Haeseler, G., Hildebrand, M. and Fritscher, J. (2015) Efficacy and ease of use of an intravenous catheter designed to prevent blood leakage: a prospective observational trial. The Journal of Vascular Access. January 27th, [epub ahead of print].

Abstract:

Purpose: Conventional safety intravenous (IV) catheters prevent blood exposure during catheter placement but blood leakage from the unconnected catheter still frequently occurs. In the current study a new safety IV catheter equipped with a blood leakage control septum was assessed under routine clinical conditions.

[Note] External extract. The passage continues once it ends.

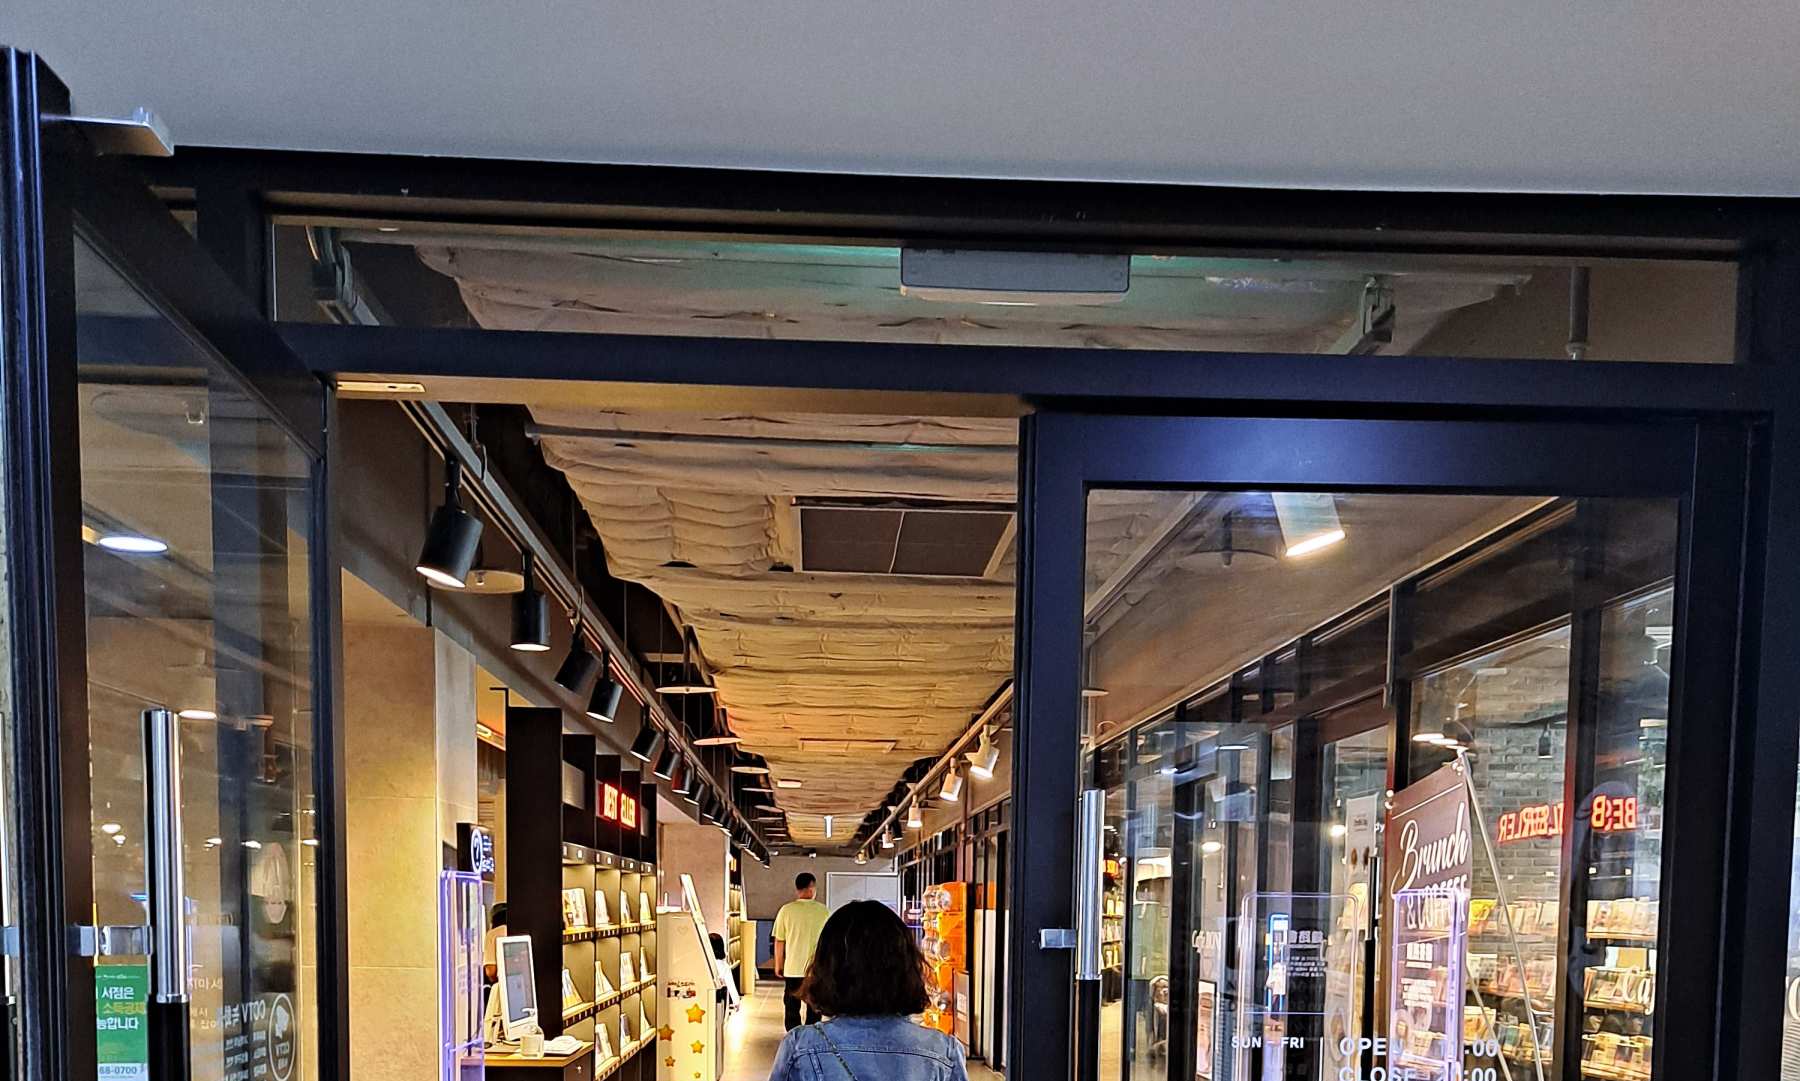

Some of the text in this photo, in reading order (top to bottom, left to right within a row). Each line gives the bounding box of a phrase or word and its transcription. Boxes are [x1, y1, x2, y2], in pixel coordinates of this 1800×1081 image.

[1391, 802, 1468, 900] Brunch
[1231, 1036, 1262, 1049] SUN
[1280, 1036, 1304, 1049] FRI

Methods: This prospective observational trial was conducted at the KKRN (Katholisches Klinikum Ruhrgebiet Nord), Germany, September/October 2012. Peripheral IV access was established in presurgical patients using either the investigational (“IS3”) or a conventional safety IV catheter (“IS”). Incidence of blood leakage during placement and subsequent (dis-)connection procedures, duration of placement as well as handling conditions were compared.

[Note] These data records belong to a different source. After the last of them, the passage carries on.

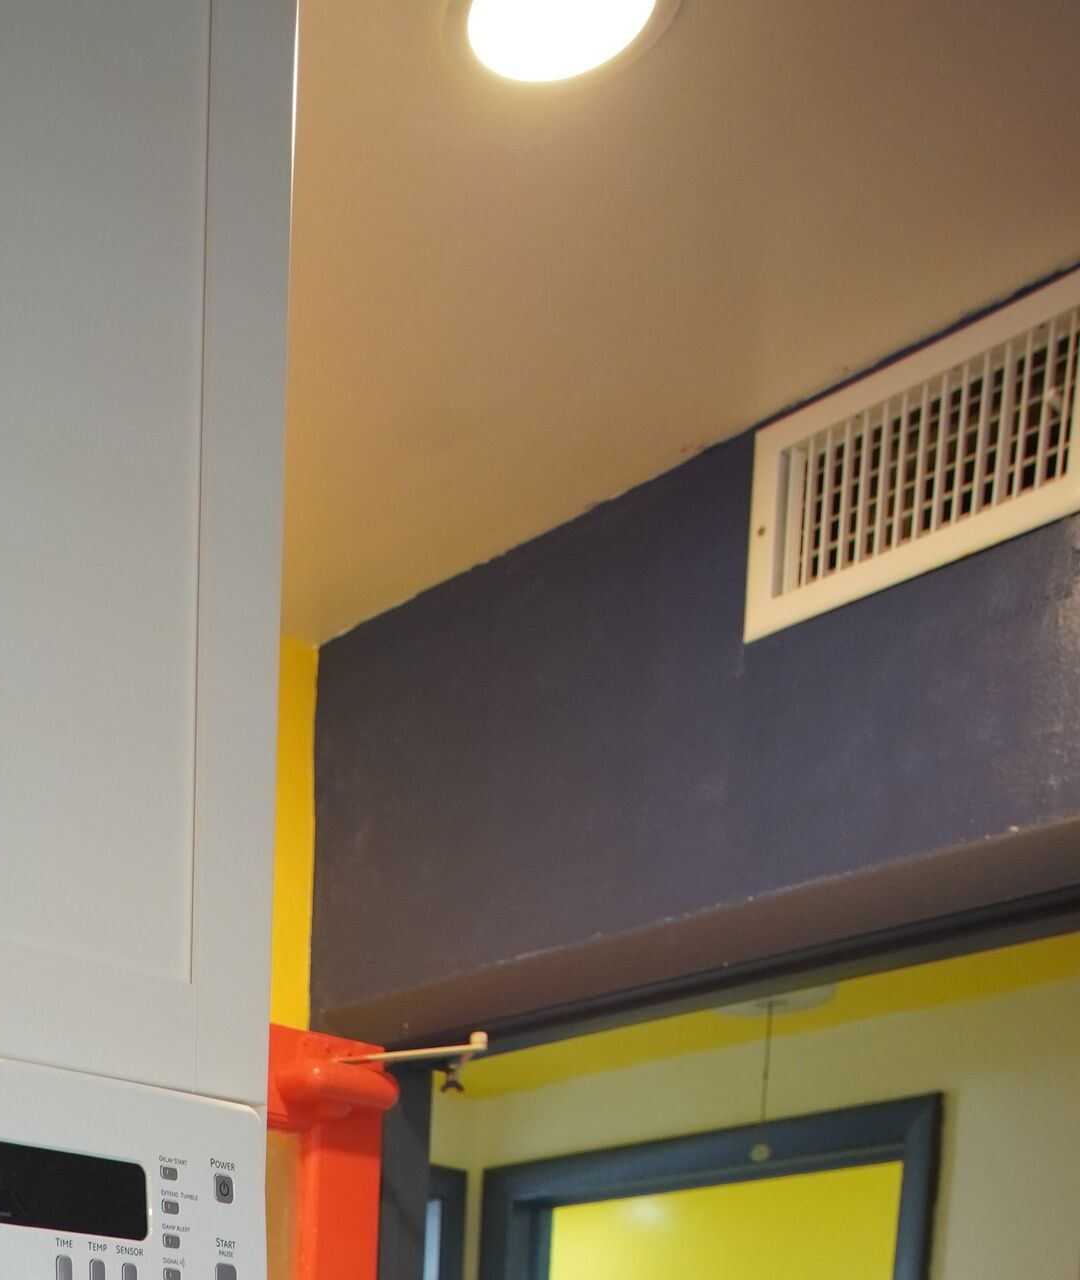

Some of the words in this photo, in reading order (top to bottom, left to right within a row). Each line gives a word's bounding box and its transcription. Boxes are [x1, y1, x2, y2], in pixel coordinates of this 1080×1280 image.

[174, 1158, 188, 1166] START
[210, 1157, 235, 1171] POWER
[161, 1189, 179, 1198] EXTEND
[180, 1192, 199, 1201] TUMBLE
[162, 1223, 176, 1231] DAMP
[177, 1225, 190, 1233] ALERT
[55, 1237, 73, 1248] TIME
[88, 1241, 108, 1252] TEMP
[216, 1237, 236, 1249] START
[115, 1245, 144, 1256] SENSOR
[218, 1250, 234, 1258] PAUSE
[162, 1257, 179, 1265] SIGNAL

Results: A total of 200 IV accesses were established (n(IS3) = 102 and n(IS) = 98). Blood leakage during catheter placement (4.9% (IS3) vs. 61.2% (IS); p<0.001) and blood contaminations (3.9% (IS3) vs. 14.3% (IS); p = 0.01) were significantly reduced for IS3. All blood leakages observed with IS3 were due to improper technique. No blood leakage occurred during repeated (dis-)connections of IS3 (blood leakage IS: 74%). Using IS3, vein compression was not required (no compression: 98%) and duration of catheter placement was significantly shorter (t(IS3) = 69.6 ± 22.4 s vs. t(IS) = 85.2 ± 28.2 s; p<0.001).

Conclusions: The investigational IV catheter effectively prevented blood leakage, thereby reducing contamination risk and workload associated with cleaning. Omission of vein compression facilitated and shortened IV catheter placement.